■ **Exercise instructions**: Restate the listing below word for word. No picture belongs in the result.
#####
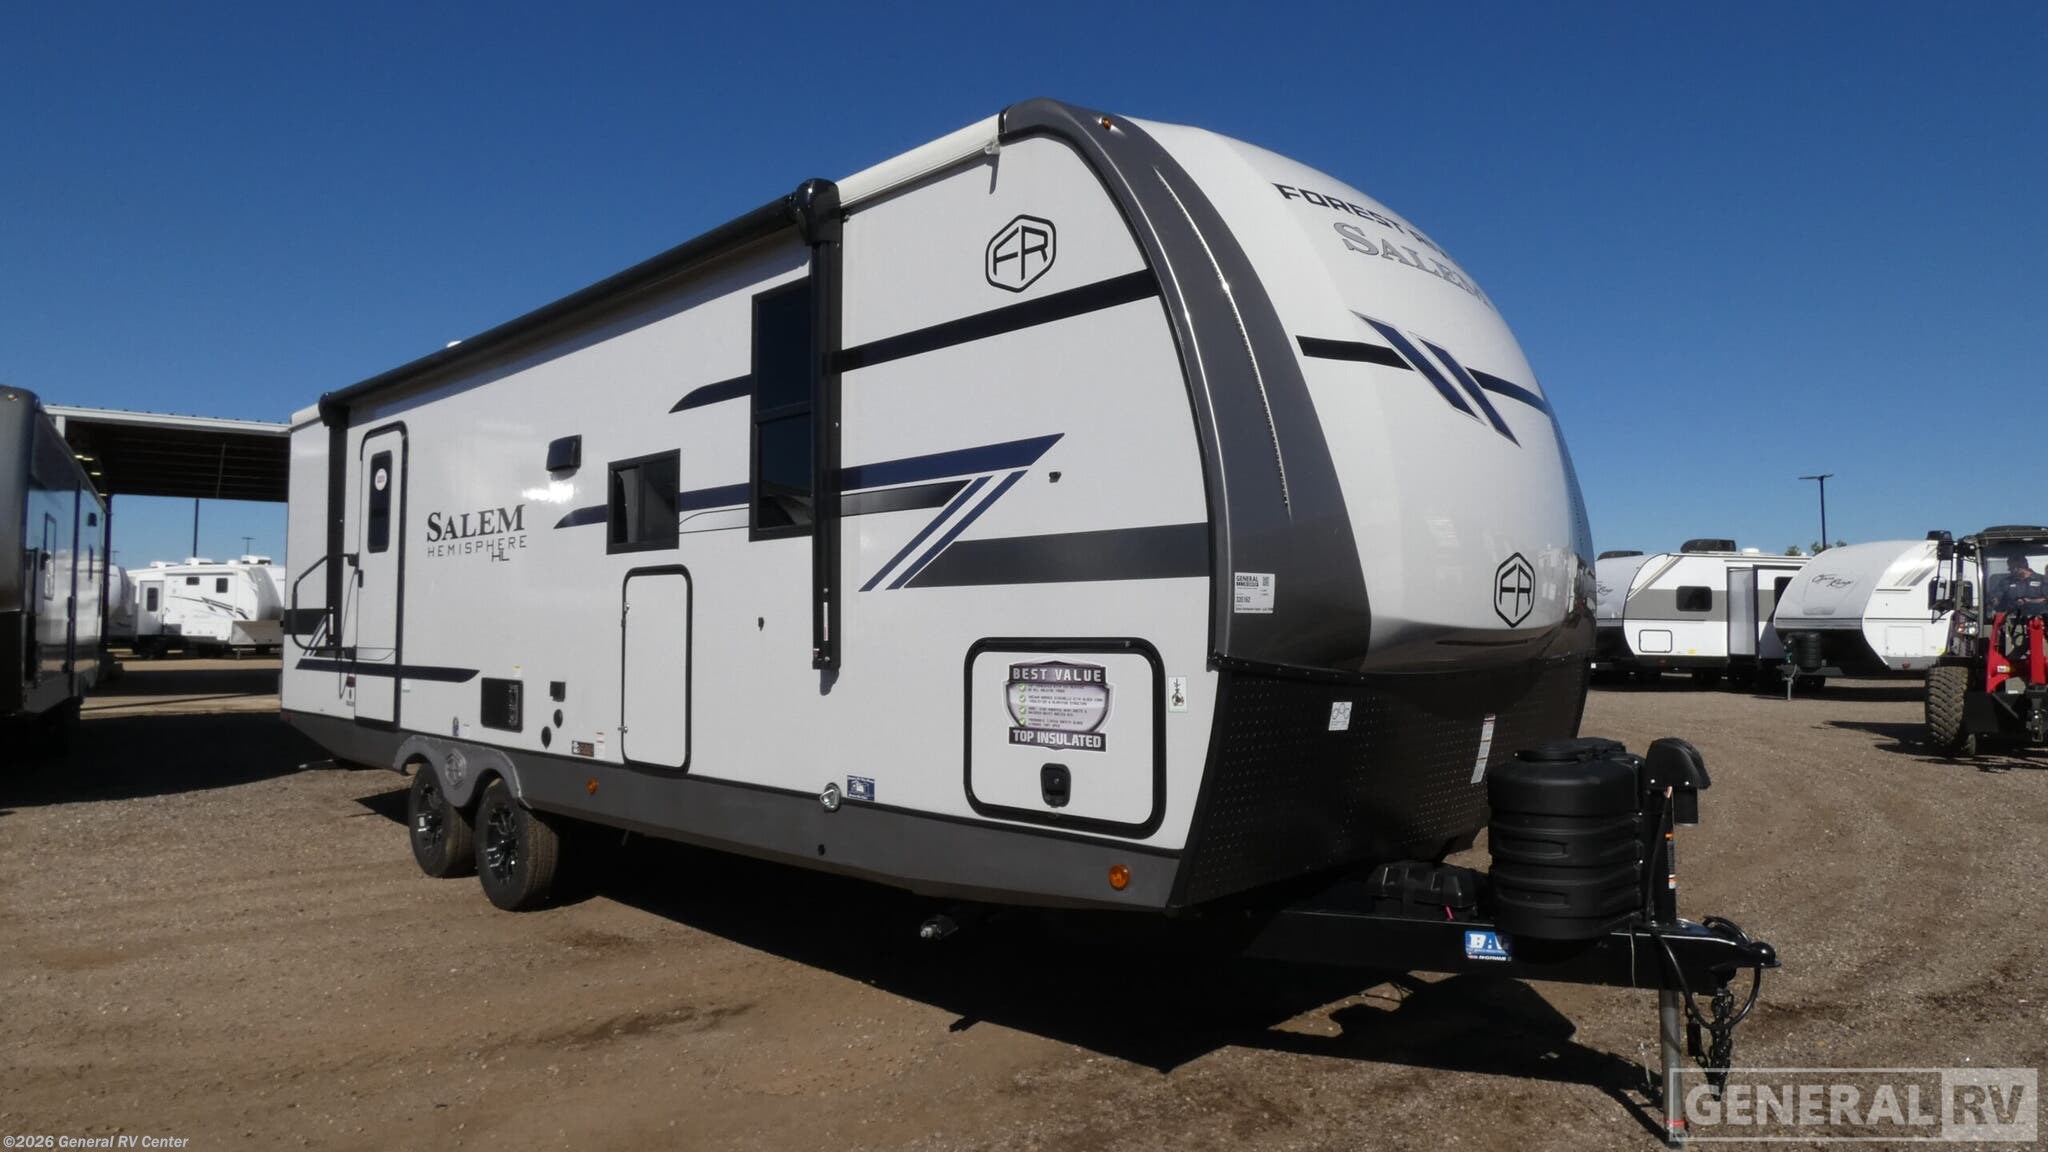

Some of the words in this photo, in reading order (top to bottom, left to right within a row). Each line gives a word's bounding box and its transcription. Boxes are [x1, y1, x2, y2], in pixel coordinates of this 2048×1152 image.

[1271, 183, 1405, 233] FOREST
[427, 504, 525, 542] SALEM
[427, 535, 527, 557] HEMISPHERE
[1013, 668, 1047, 679] BEST
[1055, 669, 1102, 682] VALUE
[1013, 730, 1034, 742] TOP
[1037, 732, 1102, 748] INSULATED
#####
■ **Solution to the problem**:
Some of the words in this photo, in reading order (top to bottom, left to right within a row). Each line gives a word's bounding box and its transcription. Boxes are [x1, y1, x2, y2], in pixel coordinates of this 2048×1152 image.

[1271, 183, 1405, 233] FOREST
[427, 504, 525, 542] SALEM
[427, 535, 527, 557] HEMISPHERE
[1013, 668, 1047, 679] BEST
[1055, 669, 1102, 682] VALUE
[1013, 730, 1034, 742] TOP
[1037, 732, 1102, 748] INSULATED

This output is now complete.